One of the easiest ways to trigger a Siri Shortcut is, not surprisingly, with your voice. The good news here is that Apple has not defined a specific voice control syntax. Instead, it lets the user record their own Siri Shortcut phase for any Siri Shortcut or chain of Siri Shortcuts.

Because the user defines the Siri phrase, it doesn’t have to be some crazy app-related syntax. A user can say, “Hey Siri, I’m heading home”, and this could trigger a string of Siri shortcuts to send a text message to a loved one, turn on the heater, play your favorite playlist, and display navigation directions home. Another person that happens to be a Star Trek fan could pull off the same tasks with the command, “Hey Siri, Go home, Engage!”

So in addition to operating system integration and power, this new system provides users is a simple method to create their own voice phrases to trigger automation. For a lot of people, this could just be a few, like ordering their favorite latte or controlling their HomeKit devices. For others, like me, this will turn into a library of user-defined phrases to trigger automation magic. For example, I plan to make one called “new client” that with just those two words will trigger two OmniFocus template projects, create an engagement agreement, and send off an email to my assistant about billing details.

[…]

However, another bit of insight that comes out of watching last week’s Keynote and the WWDC Siri Shortcuts sessions is that this is not just intended to be something you choose to engage with your voice. The system can also plug into Siri’s predictive analysis of the user as she goes through the day.

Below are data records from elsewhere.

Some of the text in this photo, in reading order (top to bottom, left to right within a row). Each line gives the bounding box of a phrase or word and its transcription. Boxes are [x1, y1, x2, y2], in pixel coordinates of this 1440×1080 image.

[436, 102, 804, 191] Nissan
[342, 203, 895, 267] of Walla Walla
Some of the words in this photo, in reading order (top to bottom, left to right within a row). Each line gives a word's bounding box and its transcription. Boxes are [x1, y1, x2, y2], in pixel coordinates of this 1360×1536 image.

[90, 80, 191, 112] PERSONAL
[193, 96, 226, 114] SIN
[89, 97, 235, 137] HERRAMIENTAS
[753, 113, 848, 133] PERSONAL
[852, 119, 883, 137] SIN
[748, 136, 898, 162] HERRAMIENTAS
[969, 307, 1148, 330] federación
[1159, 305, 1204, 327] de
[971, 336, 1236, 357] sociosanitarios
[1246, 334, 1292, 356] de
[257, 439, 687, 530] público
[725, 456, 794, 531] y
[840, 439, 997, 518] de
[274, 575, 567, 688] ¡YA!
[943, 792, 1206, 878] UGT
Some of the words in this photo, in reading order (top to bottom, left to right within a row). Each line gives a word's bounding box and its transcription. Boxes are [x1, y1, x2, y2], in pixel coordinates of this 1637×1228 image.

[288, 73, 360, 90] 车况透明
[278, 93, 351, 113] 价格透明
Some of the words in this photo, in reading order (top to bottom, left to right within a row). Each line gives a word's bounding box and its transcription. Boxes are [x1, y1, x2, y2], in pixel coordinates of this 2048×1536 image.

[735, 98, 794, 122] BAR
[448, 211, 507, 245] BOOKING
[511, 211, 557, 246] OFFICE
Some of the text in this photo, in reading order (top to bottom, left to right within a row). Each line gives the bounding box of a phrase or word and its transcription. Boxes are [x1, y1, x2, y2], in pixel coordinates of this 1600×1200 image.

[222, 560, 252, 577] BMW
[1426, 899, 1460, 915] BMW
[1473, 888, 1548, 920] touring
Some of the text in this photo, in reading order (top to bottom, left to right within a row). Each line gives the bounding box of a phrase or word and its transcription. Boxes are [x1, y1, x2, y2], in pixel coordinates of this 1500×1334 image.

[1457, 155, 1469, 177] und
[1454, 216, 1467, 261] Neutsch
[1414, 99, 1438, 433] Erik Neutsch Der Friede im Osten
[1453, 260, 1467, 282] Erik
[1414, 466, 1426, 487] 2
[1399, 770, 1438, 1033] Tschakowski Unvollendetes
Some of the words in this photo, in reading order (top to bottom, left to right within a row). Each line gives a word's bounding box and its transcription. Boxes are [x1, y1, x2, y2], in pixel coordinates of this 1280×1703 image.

In both the home screen pull down and the widget screen, Siri Shortcuts are looking at your local data and trying to help. If you routinely order the same drink every day, it’s going to offer to do that for you. If you have a meeting with location data and you’re not at that location, Siri Shortcuts are going to write a text message to the other meeting participant explaining you’re late and ask you if you want to send it. This could be the easiest way to pull in novice users if it works as advertised.

Regardless, you’ll get integration throughout the operating system that we could never have dreamed of with Workflow was an independent application.

[…]

Looking at some of the screenshots of the new Siri Shortcuts app, it becomes clear that this is the successor to the Workflow application. It appears to work exactly the same, with stackable actions, a library of existing workflows, and even the ability to look up and pass data between steps as the automation proceeds.

[…]

When you stop to think about the feelings we all had on the day that Apple announced the purchase of the Workflow app, it’s hard to believe a better outcome than what we got. Apple fully supported Workflow after the acquisition, and while building the new thing, Siri Shortcuts is clearly the successor using ideas from the original Workflow app and adding so much more with deep operating system integration, and this new version has voice-controlled and operating system triggers that would have never been possible before.

[…]

I’ve always felt that the iPhone and iPad could be capable of so much more with deeper automation. For so long Apple showed no interest in automation, and I’d convinced myself that they were afraid to get that geeky all over their new mobile operating system. I’m not alone in this. However, with the Workflow acquisition, it feels like we have now embedded, inside Apple, a group of our brother and sister automation nerds and they are running wild all over the iOS operating system. I couldn’t be happier. I hope that when iOS 12 ships, Siri Shortcuts delivers the goods we’ve seen so far. I also hope Apple management never wises up to the automation revolution that may result.

David gives a great write up on the upcoming Siri Shortcuts, and I like the direction they’ve taken their purchase of Workflow, it’s an app I use daily and will use even more now with iOS 12.